* **EXERCISE AIM**: Taking the line that contains "this 1500×1030 image." as the first and the final line of the records as the last, write out every line between them exactly, ends included, and nothing else.

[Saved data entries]
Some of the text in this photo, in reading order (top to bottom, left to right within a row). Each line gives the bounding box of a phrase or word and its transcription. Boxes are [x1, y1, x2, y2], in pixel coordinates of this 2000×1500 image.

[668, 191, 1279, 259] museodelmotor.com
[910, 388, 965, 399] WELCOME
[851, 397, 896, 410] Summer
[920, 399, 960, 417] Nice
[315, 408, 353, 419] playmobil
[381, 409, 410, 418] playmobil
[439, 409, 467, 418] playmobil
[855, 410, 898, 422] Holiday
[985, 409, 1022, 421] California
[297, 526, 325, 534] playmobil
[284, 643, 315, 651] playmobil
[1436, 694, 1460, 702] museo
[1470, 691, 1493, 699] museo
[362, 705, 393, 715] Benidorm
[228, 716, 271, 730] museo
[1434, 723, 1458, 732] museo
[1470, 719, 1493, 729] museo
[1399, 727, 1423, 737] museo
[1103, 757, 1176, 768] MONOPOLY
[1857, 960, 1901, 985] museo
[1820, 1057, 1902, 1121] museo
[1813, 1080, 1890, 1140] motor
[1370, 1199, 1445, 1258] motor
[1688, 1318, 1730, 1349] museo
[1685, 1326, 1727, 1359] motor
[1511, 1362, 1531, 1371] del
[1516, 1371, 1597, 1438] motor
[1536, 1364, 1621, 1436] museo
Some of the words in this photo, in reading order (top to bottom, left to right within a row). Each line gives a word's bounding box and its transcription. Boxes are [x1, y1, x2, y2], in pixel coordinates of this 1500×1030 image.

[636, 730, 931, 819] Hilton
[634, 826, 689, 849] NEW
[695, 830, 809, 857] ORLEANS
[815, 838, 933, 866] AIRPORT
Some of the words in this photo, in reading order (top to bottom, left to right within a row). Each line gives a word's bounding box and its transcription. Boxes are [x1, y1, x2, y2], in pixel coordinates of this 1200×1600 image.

* **RESPONSE TO THE TASK**:
Some of the words in this photo, in reading order (top to bottom, left to right within a row). Each line gives a word's bounding box and its transcription. Boxes are [x1, y1, x2, y2], in pixel coordinates of this 1500×1030 image.

[636, 730, 931, 819] Hilton
[634, 826, 689, 849] NEW
[695, 830, 809, 857] ORLEANS
[815, 838, 933, 866] AIRPORT
Some of the words in this photo, in reading order (top to bottom, left to right within a row). Each line gives a word's bounding box and its transcription. Boxes are [x1, y1, x2, y2], in pixel coordinates of this 1200×1600 image.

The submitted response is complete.